--- Dataset extract ---
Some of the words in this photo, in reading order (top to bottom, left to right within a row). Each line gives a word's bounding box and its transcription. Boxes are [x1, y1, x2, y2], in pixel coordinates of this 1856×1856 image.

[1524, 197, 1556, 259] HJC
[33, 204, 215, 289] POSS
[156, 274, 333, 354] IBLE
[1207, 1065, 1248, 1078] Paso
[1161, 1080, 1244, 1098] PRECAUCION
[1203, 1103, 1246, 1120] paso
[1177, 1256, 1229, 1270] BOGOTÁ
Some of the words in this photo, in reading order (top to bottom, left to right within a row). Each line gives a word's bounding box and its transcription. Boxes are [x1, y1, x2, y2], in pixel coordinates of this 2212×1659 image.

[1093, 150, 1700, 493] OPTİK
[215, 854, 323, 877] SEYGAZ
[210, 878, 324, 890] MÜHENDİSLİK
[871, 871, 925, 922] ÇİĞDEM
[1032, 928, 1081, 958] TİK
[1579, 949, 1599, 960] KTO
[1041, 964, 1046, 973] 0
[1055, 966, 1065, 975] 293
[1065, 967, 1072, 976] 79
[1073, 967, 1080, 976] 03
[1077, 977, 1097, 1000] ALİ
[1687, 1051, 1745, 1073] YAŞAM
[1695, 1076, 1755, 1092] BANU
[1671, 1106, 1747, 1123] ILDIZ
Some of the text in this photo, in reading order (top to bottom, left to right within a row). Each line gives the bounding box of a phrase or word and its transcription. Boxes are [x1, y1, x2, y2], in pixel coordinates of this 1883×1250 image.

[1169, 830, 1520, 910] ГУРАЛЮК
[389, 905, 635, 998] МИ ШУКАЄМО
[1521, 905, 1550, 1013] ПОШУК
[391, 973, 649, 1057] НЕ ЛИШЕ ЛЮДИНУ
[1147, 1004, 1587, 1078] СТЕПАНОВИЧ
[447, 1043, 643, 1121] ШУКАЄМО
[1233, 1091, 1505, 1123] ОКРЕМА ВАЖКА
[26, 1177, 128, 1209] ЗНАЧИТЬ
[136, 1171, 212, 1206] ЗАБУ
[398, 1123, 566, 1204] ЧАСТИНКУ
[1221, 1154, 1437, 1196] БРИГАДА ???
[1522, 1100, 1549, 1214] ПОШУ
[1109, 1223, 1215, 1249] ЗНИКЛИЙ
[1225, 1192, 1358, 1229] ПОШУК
---
Your task: Please retype every entry above exactly as it stands.

Your solution:
Some of the words in this photo, in reading order (top to bottom, left to right within a row). Each line gives a word's bounding box and its transcription. Boxes are [x1, y1, x2, y2], in pixel coordinates of this 1856×1856 image.

[1524, 197, 1556, 259] HJC
[33, 204, 215, 289] POSS
[156, 274, 333, 354] IBLE
[1207, 1065, 1248, 1078] Paso
[1161, 1080, 1244, 1098] PRECAUCION
[1203, 1103, 1246, 1120] paso
[1177, 1256, 1229, 1270] BOGOTÁ
Some of the words in this photo, in reading order (top to bottom, left to right within a row). Each line gives a word's bounding box and its transcription. Boxes are [x1, y1, x2, y2], in pixel coordinates of this 2212×1659 image.

[1093, 150, 1700, 493] OPTİK
[215, 854, 323, 877] SEYGAZ
[210, 878, 324, 890] MÜHENDİSLİK
[871, 871, 925, 922] ÇİĞDEM
[1032, 928, 1081, 958] TİK
[1579, 949, 1599, 960] KTO
[1041, 964, 1046, 973] 0
[1055, 966, 1065, 975] 293
[1065, 967, 1072, 976] 79
[1073, 967, 1080, 976] 03
[1077, 977, 1097, 1000] ALİ
[1687, 1051, 1745, 1073] YAŞAM
[1695, 1076, 1755, 1092] BANU
[1671, 1106, 1747, 1123] ILDIZ
Some of the text in this photo, in reading order (top to bottom, left to right within a row). Each line gives the bounding box of a phrase or word and its transcription. Boxes are [x1, y1, x2, y2], in pixel coordinates of this 1883×1250 image.

[1169, 830, 1520, 910] ГУРАЛЮК
[389, 905, 635, 998] МИ ШУКАЄМО
[1521, 905, 1550, 1013] ПОШУК
[391, 973, 649, 1057] НЕ ЛИШЕ ЛЮДИНУ
[1147, 1004, 1587, 1078] СТЕПАНОВИЧ
[447, 1043, 643, 1121] ШУКАЄМО
[1233, 1091, 1505, 1123] ОКРЕМА ВАЖКА
[26, 1177, 128, 1209] ЗНАЧИТЬ
[136, 1171, 212, 1206] ЗАБУ
[398, 1123, 566, 1204] ЧАСТИНКУ
[1221, 1154, 1437, 1196] БРИГАДА ???
[1522, 1100, 1549, 1214] ПОШУ
[1109, 1223, 1215, 1249] ЗНИКЛИЙ
[1225, 1192, 1358, 1229] ПОШУК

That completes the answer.